Les principes fondamentaux qui devraient guider une nouvelle force politique sont connus et ne changent pas : la liberté républicaine, c’est-à-dire la protection de la loi contre la domination, l’égalité sociale, la laïcité de l’école et de l’État, la reconnaissance de la lutte de classes et l’affirmation que doivent prévaloir en toute circonstance les intérêts des salariés, des chômeurs, des travailleurs indépendants, etc., c’est-à-dire de l’immense masse de notre peuple, la souveraineté populaire et la lutte pour la paix et l’association fraternelle des peuples.

Ce ne sont pas des principes abstraits. Ils incarnent ce qui sourd du sentiment et des luttes du peuple. Jean-Luc Mélenchon et Marc Dolez font fort justement du respect des « NON » français, hollandais et irlandais l’une des questions majeures qui motivent leur rupture. Mais il en faut tirer logiquement toutes les conséquences. Si le « Non » doit être respecté, c’est que le principe de la souveraineté des peuples est supérieur à tout autre principe. Donc, l’union européenne, si elle veut exister légitimement ne peut être rien d’autre qu’un traité entre des nations libres et non une construction de la nouvelle « gouvernance », cette escroquerie qui vise à la liquidation de toute démocratie au profit des oligarchies financières et technocratiques.

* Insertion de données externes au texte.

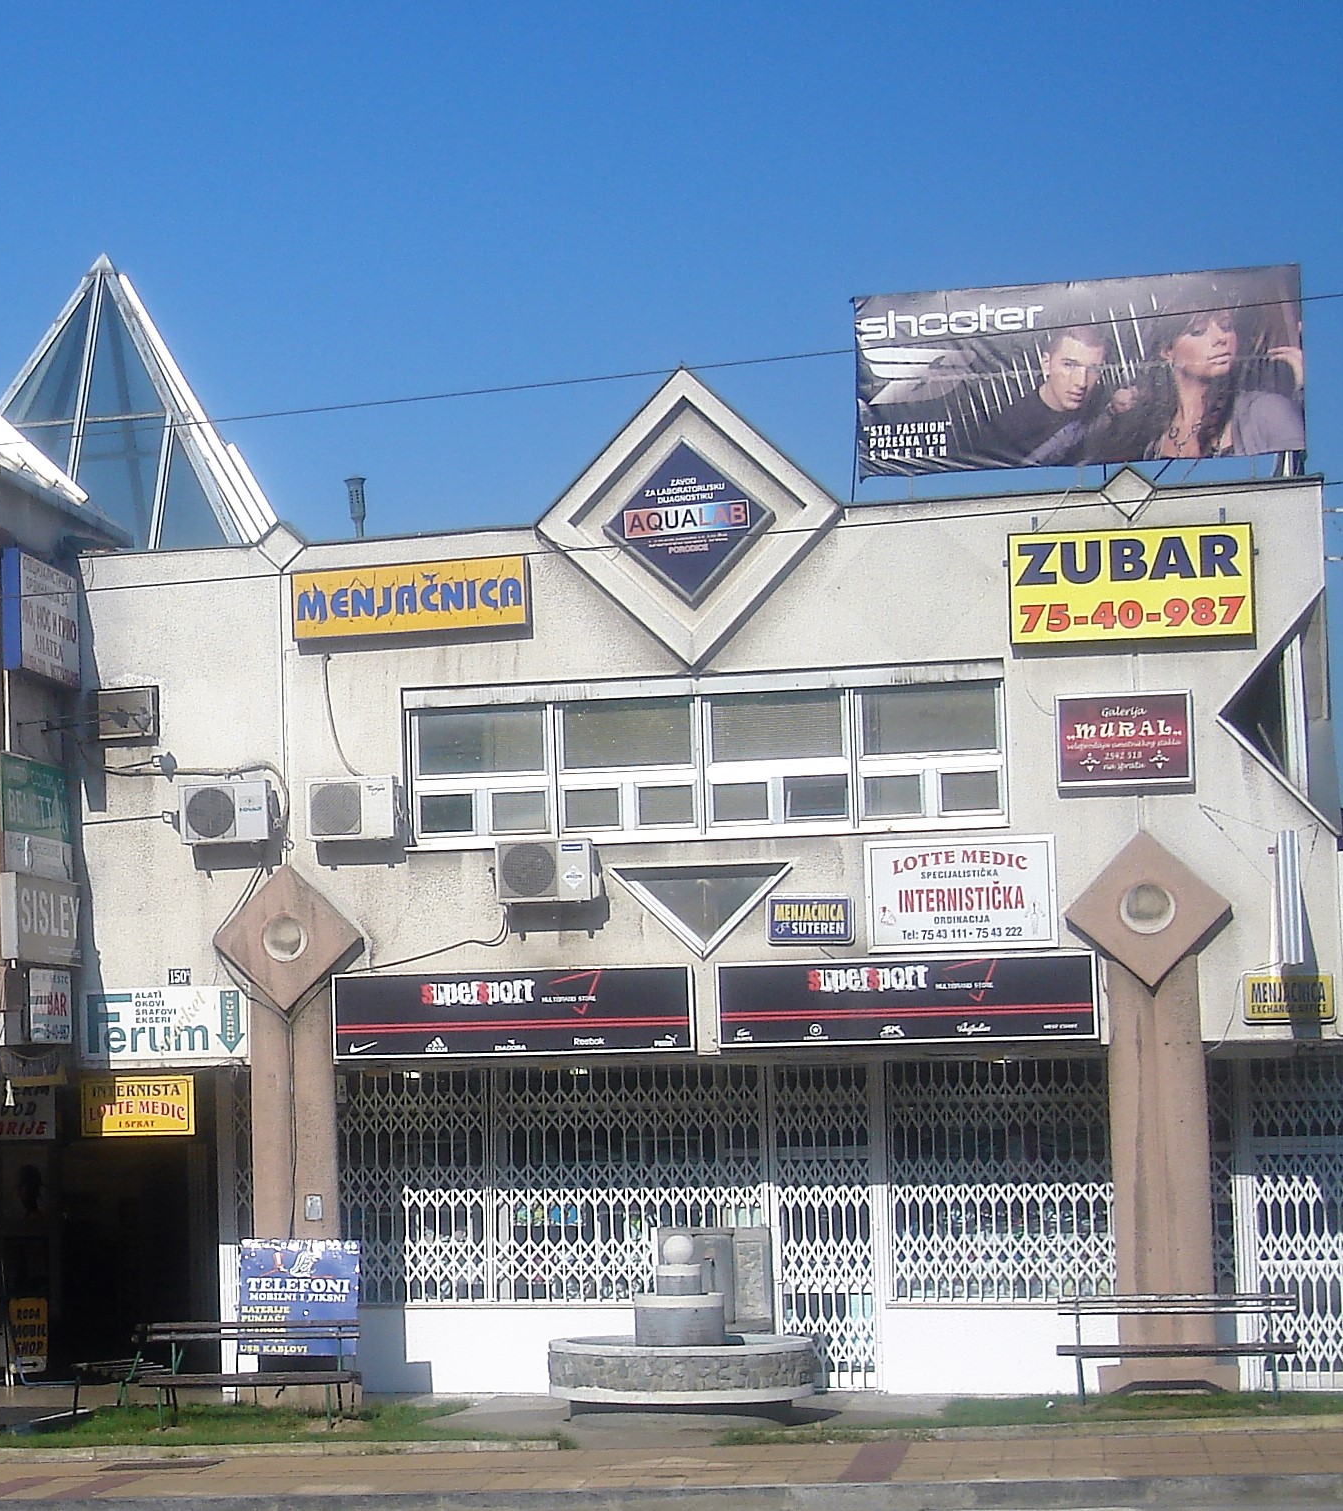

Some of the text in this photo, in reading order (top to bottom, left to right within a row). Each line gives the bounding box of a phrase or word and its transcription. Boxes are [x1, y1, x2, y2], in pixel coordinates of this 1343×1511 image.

Si on veut une nouvelle politique étrangère fondée sur la paix et l’amitié entre les peuples, il faut sortir de cette machine de guerre impérialiste qu’est l’OTAN. Si on veut défendre les acquis sociaux, les services publics et l’égalité républicaine, il faut envoyer au diable le dogme de la « concurrence libre et non faussée » et utiliser chaque fois que cela sera nécessaire l’arsenal du protectionnisme pour défendre l’emploi, l’industrie et la souveraineté de la nation. Si on veut un véritable « bouclier social » contre la crise, il faut nationaliser immédiatement tout le système bancaire de façon à pouvoir offrir du crédit à bon marché aux travailleurs indépendants et aux PME.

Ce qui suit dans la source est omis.